A Conmebol, sempre indisposta a ajudar, viu-se sem saída e mudou a final de lugar, duas semanas antes das partidas: choros, loucura, frustração. Muitos que haviam vendido casa, carro, vida para ir a Santiago se sentiram traídos pelo destino e pela desorganização do continente.
Um estado geral de depressão tomou conta daqueles que não conseguiam mais vislumbrar uma ida à final da Libertadores. Lima tinha um hub aéreo, mas era quase impossível chegar por terra… Quase, pois nada é impossível para uma Nação que lotou dezenas de ônibus e passou quase uma semana para chegar à capital peruana.

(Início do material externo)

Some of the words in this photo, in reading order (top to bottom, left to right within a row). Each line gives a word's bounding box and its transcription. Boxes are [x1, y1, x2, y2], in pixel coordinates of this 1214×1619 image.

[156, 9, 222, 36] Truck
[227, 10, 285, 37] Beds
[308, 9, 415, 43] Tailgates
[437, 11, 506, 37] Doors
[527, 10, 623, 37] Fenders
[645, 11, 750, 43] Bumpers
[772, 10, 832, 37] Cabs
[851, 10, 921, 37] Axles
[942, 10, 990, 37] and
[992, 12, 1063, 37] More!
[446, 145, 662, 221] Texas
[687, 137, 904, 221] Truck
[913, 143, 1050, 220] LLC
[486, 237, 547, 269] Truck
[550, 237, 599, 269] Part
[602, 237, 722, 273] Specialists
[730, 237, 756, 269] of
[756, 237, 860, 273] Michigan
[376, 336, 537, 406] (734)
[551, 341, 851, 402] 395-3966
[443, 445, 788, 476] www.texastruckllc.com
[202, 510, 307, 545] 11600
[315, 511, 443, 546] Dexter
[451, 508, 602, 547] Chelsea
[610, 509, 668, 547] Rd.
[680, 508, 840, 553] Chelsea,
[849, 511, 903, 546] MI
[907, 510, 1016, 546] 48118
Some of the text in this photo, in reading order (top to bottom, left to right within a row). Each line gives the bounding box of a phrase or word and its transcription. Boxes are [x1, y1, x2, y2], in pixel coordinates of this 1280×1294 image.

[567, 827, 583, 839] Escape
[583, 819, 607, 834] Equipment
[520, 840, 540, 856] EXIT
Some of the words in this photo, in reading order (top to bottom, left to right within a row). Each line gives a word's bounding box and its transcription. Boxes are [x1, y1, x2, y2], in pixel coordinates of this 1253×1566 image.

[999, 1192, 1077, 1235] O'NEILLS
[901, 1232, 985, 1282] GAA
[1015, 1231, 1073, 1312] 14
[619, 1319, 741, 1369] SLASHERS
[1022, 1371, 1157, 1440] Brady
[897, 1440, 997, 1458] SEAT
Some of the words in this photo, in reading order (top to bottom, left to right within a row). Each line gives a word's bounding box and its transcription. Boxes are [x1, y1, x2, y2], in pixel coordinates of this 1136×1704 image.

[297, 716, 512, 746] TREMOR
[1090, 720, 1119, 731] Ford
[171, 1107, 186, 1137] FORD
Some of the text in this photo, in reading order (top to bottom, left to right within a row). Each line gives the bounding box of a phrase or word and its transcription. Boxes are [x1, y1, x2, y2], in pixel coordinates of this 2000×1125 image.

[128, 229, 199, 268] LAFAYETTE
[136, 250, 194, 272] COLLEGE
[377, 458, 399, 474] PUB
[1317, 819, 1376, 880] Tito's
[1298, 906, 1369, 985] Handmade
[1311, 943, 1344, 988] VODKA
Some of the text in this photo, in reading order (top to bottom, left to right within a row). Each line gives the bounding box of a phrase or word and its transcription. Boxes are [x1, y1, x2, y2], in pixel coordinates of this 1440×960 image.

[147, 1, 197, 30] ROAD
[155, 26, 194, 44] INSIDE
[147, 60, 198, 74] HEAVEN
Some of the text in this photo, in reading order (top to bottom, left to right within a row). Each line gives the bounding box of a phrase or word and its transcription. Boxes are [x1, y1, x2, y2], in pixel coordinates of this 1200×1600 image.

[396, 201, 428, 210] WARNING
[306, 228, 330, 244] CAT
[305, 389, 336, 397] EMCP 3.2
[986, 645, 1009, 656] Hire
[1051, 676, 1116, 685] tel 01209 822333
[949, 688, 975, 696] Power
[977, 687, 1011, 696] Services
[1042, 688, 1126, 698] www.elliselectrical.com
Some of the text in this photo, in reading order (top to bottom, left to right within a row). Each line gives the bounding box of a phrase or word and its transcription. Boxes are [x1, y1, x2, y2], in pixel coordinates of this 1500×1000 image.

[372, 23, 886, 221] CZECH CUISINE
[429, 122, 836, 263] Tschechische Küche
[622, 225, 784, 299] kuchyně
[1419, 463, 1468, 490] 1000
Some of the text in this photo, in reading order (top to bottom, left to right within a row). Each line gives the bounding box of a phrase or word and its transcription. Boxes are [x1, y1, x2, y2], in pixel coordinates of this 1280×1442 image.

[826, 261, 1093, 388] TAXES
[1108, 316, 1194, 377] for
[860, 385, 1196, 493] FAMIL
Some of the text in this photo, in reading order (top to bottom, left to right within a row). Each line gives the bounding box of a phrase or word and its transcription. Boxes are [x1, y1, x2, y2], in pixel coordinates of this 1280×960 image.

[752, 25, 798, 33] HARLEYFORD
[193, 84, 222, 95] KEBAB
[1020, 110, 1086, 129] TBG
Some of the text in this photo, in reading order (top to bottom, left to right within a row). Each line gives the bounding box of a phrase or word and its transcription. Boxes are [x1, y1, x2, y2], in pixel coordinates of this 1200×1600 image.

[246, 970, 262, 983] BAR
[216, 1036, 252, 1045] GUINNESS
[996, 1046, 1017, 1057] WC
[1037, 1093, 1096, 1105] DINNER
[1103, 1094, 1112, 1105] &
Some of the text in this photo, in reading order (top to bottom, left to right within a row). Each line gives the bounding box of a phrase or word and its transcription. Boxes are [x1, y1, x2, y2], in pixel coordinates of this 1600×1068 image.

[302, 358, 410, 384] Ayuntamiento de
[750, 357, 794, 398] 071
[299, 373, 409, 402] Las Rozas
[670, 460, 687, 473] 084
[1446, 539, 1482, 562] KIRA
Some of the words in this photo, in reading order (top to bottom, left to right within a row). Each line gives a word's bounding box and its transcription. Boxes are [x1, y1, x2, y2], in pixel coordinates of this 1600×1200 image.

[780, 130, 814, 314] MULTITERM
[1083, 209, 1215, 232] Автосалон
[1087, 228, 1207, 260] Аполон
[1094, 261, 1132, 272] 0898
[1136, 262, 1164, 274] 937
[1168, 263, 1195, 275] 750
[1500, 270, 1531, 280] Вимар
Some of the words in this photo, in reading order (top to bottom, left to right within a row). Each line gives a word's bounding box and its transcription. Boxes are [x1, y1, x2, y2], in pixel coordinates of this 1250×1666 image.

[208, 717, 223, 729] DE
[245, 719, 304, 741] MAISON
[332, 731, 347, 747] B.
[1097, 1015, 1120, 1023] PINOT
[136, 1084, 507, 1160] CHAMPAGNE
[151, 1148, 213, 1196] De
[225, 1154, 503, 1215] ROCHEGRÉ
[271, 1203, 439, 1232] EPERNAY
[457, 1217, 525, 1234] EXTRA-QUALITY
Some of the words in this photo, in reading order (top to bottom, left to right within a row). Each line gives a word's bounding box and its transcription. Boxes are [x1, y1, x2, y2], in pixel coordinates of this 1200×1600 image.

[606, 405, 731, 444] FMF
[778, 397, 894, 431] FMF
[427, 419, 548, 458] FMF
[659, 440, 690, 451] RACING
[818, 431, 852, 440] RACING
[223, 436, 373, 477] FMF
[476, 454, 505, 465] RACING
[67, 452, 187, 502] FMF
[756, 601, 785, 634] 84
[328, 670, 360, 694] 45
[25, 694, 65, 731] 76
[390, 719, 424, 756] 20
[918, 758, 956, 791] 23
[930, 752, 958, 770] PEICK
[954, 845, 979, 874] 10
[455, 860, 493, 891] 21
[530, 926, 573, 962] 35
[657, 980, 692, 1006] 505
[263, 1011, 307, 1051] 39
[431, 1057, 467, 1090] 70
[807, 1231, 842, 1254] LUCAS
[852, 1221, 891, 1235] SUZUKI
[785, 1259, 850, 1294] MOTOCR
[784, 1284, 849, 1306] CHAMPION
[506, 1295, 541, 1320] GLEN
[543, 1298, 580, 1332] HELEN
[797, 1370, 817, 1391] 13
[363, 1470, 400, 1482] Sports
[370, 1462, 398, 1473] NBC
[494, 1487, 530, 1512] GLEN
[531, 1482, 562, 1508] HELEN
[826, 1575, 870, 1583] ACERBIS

Isso sem falar da loucura que foi a Nação praticamente convencer as companhias aéreas de que era melhor assumir o prejuízo e remarcar todo mundo do que lidar com a fúria de uma Nação. Lembro que meu irmão, Gustavo, passou seis horas no telefone para remarcar as quatro passagens, e como um passe de mágica, tudo foi resolvido. Até que eu e meu outro irmão, Fernando, embarcamos para uma jornada de 28 horas, passando por São Paulo, Rio duas vezes, Montevidéu, Santiago, Santa Cruz de la Sierra até chegar a Lima.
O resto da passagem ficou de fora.